Exactly and only the lines from the one containing "this 1568×2352 image." through the close of the entries below are to be set down.

[Dataset entries]
===============

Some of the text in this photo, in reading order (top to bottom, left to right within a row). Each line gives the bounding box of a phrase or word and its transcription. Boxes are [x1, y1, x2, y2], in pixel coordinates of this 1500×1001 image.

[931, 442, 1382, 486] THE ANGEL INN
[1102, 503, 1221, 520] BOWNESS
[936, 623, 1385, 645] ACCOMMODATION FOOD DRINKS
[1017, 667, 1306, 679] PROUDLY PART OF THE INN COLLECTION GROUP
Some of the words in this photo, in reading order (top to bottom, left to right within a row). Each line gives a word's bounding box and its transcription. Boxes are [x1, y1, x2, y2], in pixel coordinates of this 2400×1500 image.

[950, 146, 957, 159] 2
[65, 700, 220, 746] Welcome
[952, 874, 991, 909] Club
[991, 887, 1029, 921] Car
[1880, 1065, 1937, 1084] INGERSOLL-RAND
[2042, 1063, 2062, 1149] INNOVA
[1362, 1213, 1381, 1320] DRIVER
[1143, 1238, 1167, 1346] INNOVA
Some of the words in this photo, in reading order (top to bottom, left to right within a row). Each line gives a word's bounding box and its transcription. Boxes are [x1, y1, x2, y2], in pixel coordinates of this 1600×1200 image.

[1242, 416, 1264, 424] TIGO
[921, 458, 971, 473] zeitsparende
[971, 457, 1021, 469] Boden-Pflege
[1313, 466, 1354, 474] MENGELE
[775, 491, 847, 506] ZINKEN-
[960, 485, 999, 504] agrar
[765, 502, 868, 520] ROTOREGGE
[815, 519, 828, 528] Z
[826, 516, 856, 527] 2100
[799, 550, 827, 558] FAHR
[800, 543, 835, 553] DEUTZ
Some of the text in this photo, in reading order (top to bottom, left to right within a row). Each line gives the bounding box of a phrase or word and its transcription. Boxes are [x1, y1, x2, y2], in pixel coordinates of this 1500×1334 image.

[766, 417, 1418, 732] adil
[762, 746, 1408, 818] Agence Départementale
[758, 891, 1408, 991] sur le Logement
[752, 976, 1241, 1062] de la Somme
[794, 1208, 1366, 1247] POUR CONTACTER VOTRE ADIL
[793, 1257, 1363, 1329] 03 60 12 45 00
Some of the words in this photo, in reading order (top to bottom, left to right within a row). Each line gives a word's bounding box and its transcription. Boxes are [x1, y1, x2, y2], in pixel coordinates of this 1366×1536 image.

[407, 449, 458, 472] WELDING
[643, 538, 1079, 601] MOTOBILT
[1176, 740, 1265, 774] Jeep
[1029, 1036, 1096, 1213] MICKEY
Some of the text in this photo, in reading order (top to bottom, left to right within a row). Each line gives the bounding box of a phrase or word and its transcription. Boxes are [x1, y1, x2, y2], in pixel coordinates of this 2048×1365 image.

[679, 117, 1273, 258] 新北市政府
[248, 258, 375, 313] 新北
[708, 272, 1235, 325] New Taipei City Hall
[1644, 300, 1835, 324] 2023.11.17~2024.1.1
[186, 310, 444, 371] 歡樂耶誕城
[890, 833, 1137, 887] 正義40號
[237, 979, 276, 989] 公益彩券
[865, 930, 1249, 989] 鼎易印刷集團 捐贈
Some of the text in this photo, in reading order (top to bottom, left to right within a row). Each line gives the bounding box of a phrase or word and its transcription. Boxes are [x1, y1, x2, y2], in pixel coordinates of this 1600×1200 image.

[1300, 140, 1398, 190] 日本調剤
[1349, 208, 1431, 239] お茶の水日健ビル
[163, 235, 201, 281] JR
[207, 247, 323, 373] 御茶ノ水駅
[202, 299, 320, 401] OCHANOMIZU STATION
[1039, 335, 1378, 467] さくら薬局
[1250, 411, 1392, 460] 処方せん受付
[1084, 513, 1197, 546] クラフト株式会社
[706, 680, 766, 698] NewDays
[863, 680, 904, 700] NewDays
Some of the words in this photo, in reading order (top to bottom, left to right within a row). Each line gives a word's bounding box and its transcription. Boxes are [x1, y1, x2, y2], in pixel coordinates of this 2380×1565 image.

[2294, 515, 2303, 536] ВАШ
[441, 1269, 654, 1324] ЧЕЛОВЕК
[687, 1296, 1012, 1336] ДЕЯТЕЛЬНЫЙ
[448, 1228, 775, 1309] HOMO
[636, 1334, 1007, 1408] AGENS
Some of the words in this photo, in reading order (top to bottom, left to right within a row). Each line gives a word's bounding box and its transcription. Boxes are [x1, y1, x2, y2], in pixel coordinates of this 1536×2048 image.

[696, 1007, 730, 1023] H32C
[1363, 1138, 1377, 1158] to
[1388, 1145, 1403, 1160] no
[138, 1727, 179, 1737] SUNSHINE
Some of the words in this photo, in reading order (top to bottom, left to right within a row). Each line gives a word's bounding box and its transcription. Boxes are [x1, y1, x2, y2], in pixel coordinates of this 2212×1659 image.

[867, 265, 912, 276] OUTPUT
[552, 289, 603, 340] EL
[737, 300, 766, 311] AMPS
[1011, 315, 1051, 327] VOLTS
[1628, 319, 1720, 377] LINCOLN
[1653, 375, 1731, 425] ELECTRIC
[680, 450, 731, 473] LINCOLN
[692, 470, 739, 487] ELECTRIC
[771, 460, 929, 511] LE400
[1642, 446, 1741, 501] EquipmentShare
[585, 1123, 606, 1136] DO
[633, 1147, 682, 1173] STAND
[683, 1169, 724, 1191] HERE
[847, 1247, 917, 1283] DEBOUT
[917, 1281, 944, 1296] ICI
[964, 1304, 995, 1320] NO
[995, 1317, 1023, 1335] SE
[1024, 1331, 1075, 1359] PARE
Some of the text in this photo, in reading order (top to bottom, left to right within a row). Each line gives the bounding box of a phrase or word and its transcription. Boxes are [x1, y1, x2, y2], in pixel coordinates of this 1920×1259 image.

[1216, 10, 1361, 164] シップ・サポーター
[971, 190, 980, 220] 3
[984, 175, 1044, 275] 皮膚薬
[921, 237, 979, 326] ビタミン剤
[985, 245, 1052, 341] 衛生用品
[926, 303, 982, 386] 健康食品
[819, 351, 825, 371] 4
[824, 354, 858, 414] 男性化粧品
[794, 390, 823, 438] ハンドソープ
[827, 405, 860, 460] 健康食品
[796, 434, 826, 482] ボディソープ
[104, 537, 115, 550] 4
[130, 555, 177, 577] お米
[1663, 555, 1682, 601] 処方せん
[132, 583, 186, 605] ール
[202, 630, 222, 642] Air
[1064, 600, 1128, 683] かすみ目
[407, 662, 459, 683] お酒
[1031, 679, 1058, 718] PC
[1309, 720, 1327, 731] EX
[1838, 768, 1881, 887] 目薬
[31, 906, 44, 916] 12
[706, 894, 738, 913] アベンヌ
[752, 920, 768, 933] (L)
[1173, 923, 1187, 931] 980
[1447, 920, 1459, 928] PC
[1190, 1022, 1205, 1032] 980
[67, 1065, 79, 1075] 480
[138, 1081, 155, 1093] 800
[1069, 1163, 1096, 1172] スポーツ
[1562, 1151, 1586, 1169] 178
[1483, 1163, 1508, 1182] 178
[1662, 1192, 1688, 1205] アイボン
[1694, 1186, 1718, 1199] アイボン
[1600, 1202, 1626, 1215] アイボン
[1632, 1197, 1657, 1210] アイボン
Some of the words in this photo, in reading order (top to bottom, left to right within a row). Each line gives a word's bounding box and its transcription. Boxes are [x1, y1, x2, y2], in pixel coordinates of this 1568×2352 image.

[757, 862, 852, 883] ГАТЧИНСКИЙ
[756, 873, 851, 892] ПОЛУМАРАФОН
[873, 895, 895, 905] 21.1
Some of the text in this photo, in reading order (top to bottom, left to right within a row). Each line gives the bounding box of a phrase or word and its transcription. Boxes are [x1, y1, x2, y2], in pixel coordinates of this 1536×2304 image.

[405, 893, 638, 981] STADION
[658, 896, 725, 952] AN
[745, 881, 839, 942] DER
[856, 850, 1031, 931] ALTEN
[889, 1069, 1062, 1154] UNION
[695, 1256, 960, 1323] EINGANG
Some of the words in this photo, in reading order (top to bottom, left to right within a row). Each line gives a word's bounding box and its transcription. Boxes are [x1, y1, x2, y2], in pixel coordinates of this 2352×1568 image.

===============

▸ SOLVED PROBLEM
Some of the words in this photo, in reading order (top to bottom, left to right within a row). Each line gives a word's bounding box and its transcription. Boxes are [x1, y1, x2, y2], in pixel coordinates of this 1568×2352 image.

[757, 862, 852, 883] ГАТЧИНСКИЙ
[756, 873, 851, 892] ПОЛУМАРАФОН
[873, 895, 895, 905] 21.1
Some of the text in this photo, in reading order (top to bottom, left to right within a row). Each line gives the bounding box of a phrase or word and its transcription. Boxes are [x1, y1, x2, y2], in pixel coordinates of this 1536×2304 image.

[405, 893, 638, 981] STADION
[658, 896, 725, 952] AN
[745, 881, 839, 942] DER
[856, 850, 1031, 931] ALTEN
[889, 1069, 1062, 1154] UNION
[695, 1256, 960, 1323] EINGANG
Some of the words in this photo, in reading order (top to bottom, left to right within a row). Each line gives a word's bounding box and its transcription. Boxes are [x1, y1, x2, y2], in pixel coordinates of this 2352×1568 image.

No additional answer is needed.